After giving birth to her second child, Saint West, in 2015, Kim Kardashian used the Atkins 40 diet to lose 60 pounds, showcasing her commitment to disciplined eating. Her dietary approach has evolved over the years, incorporating elements of low-carb, plant-based, and flexitarian eating, often dictated by specific fitness goals.

Quick Summary

Kim Kardashian follows a dynamic diet focused on whole foods, lean protein, and reduced carbs, which has ranged from strict Atkins to a mostly plant-based approach. Regular exercise, ample hydration, and mindful eating are key components of her routine.

Key Points

  • Evolutionary Diet Plan: Kim Kardashian’s diet has evolved from a strict, low-carb Atkins regimen to a more flexible, mostly plant-based and flexitarian approach.

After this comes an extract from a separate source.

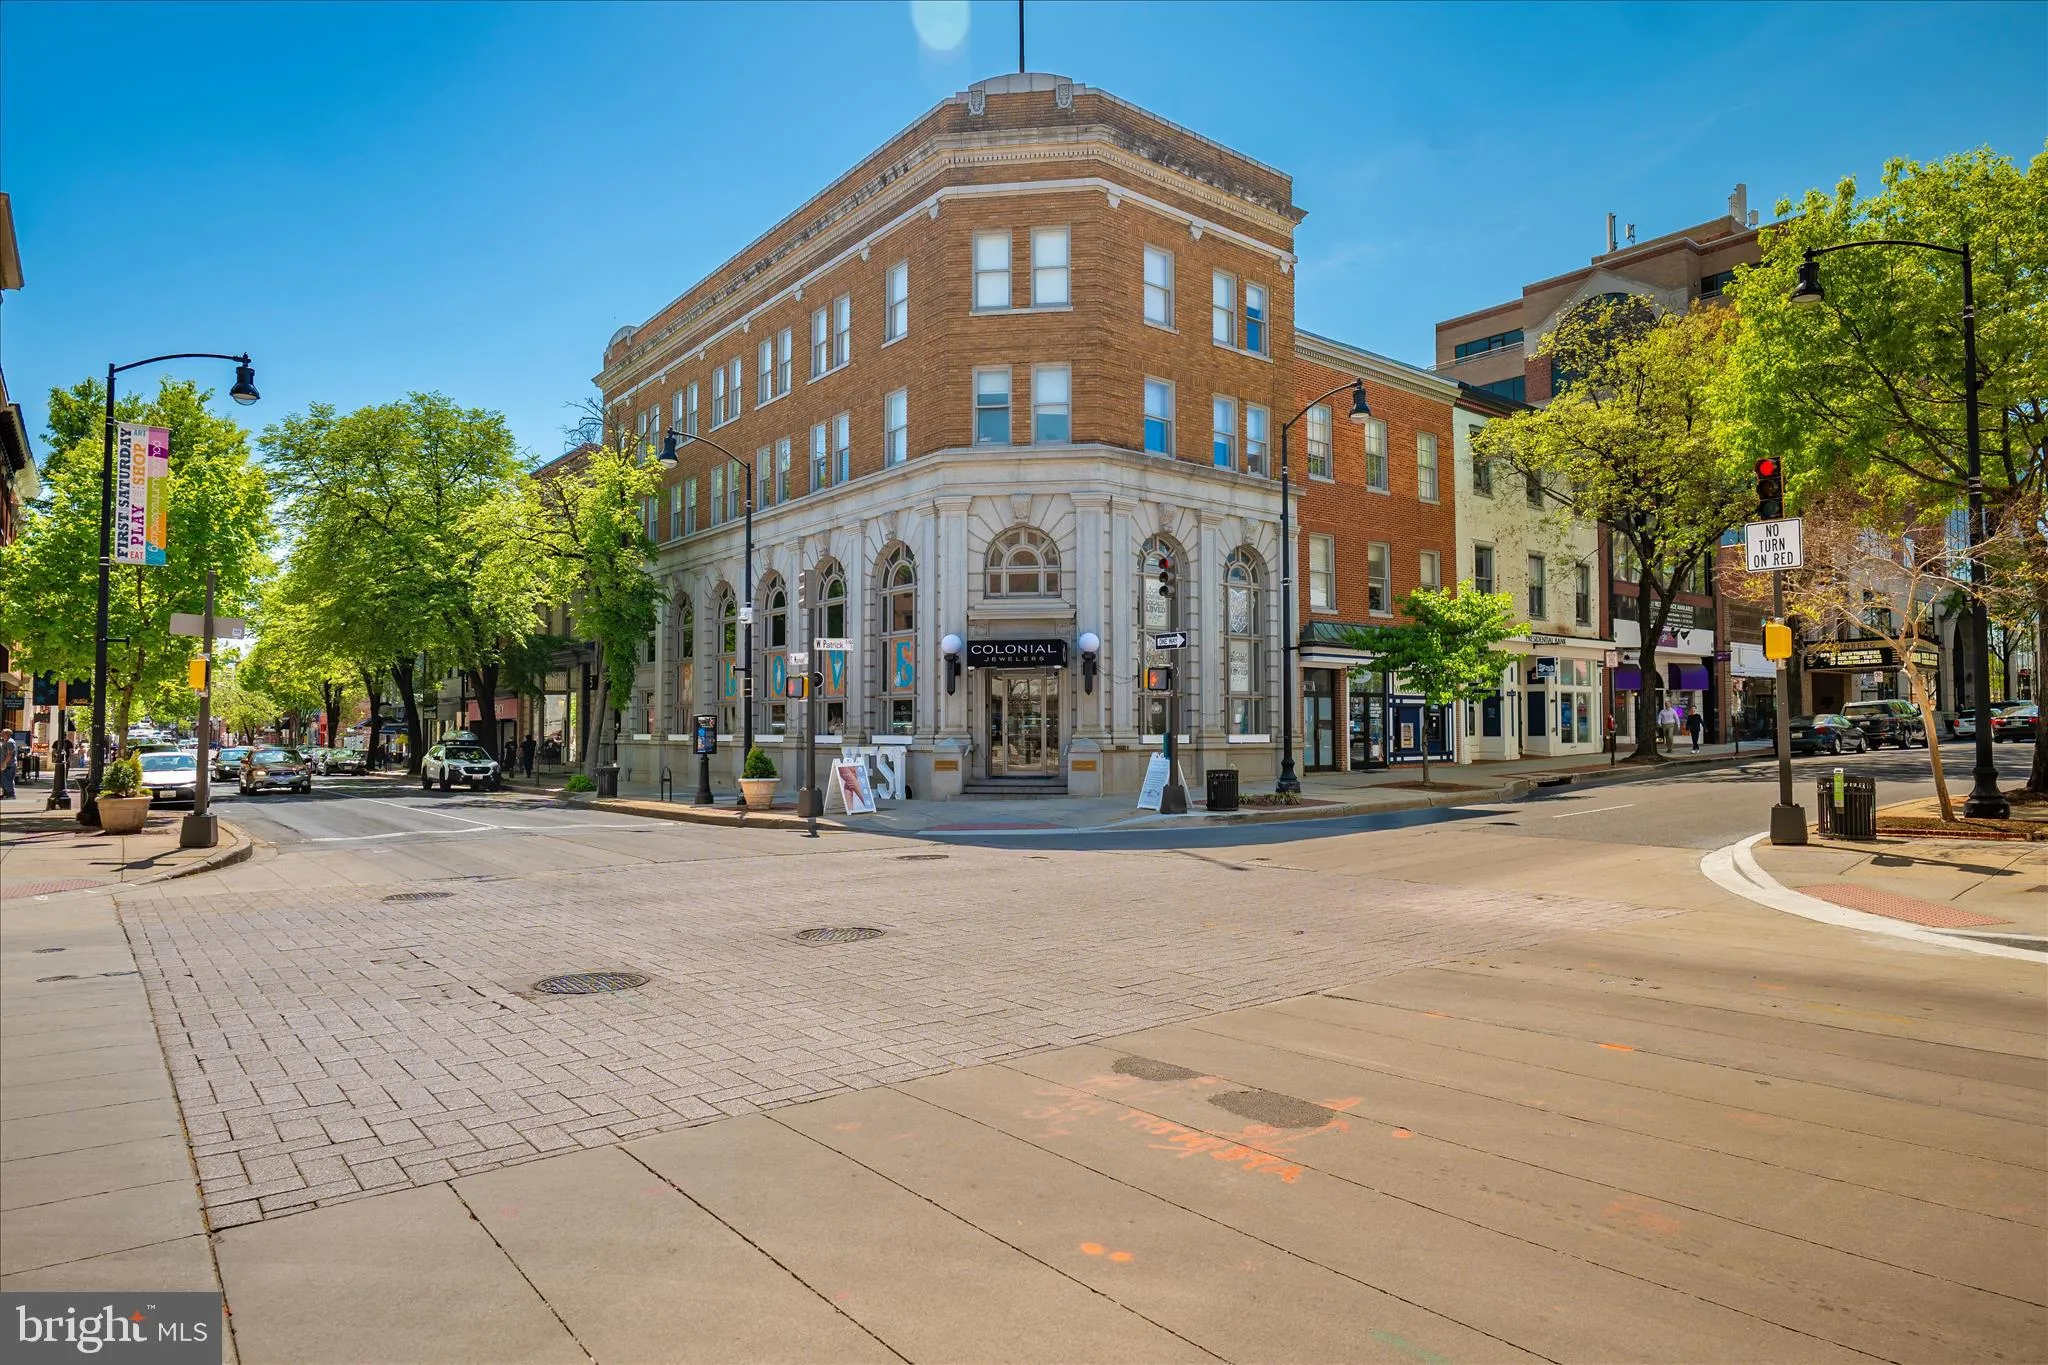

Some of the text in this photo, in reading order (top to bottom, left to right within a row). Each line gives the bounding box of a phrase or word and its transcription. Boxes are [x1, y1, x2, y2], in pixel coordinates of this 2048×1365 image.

  • Core Principles: Her consistent dietary principles include a focus on whole foods, controlled carbohydrate intake, and high protein and healthy fat consumption.

  • The Atkins 40 Program: After giving birth, she successfully used the Atkins 40 plan to lose 60 pounds by limiting net carbs and prioritizing lean protein and fibrous vegetables.

  • Mostly Plant-Based: More recently, she adheres to a largely plant-based diet to manage her psoriasis and boost overall health, consuming plant-based proteins, fruits, and vegetables.

  • Workout-Focused Nutrition: Her eating schedule is timed with her rigorous strength-training workouts, with a focus on consuming specific macronutrients to aid muscle recovery.

  • Hydration and Moderation: A key part of her routine is drinking plenty of water, and she does not entirely deprive herself, allowing for occasional indulgences.

  • Professional Guidance: Her meal plans are often professionally tailored by trainers and nutritionists, highlighting the structured support behind her wellness journey.

In This Article

A History of Dietary Changes

Kim Kardashian’s dietary habits have garnered significant media attention over the years, with her approach shifting based on her personal goals. While she has experimented with various eating styles, a few common threads have remained consistent: a focus on whole foods, controlling carbohydrate intake, and pairing her nutrition plan with a rigorous exercise schedule.

The Atkins 40 Phase

One of Kardashian's most publicized diet periods came after the birth of her son in 2015, where she followed the Atkins 40 diet to lose pregnancy weight. This program focuses on limiting net carbs to 40 grams per day, while emphasizing protein, healthy fats, and high-fiber vegetables.

During this time, a typical day’s menu for Kardashian might have looked like this:

  • Breakfast: Scrambled eggs with turkey sausage and cheese.
  • Lunch: A large spinach salad with grilled chicken and a light dressing.
  • Dinner: Zucchini noodles with spicy chicken sausage.
  • Snacks: Atkins-branded bars, carrots with hummus, or Greek yogurt with berries.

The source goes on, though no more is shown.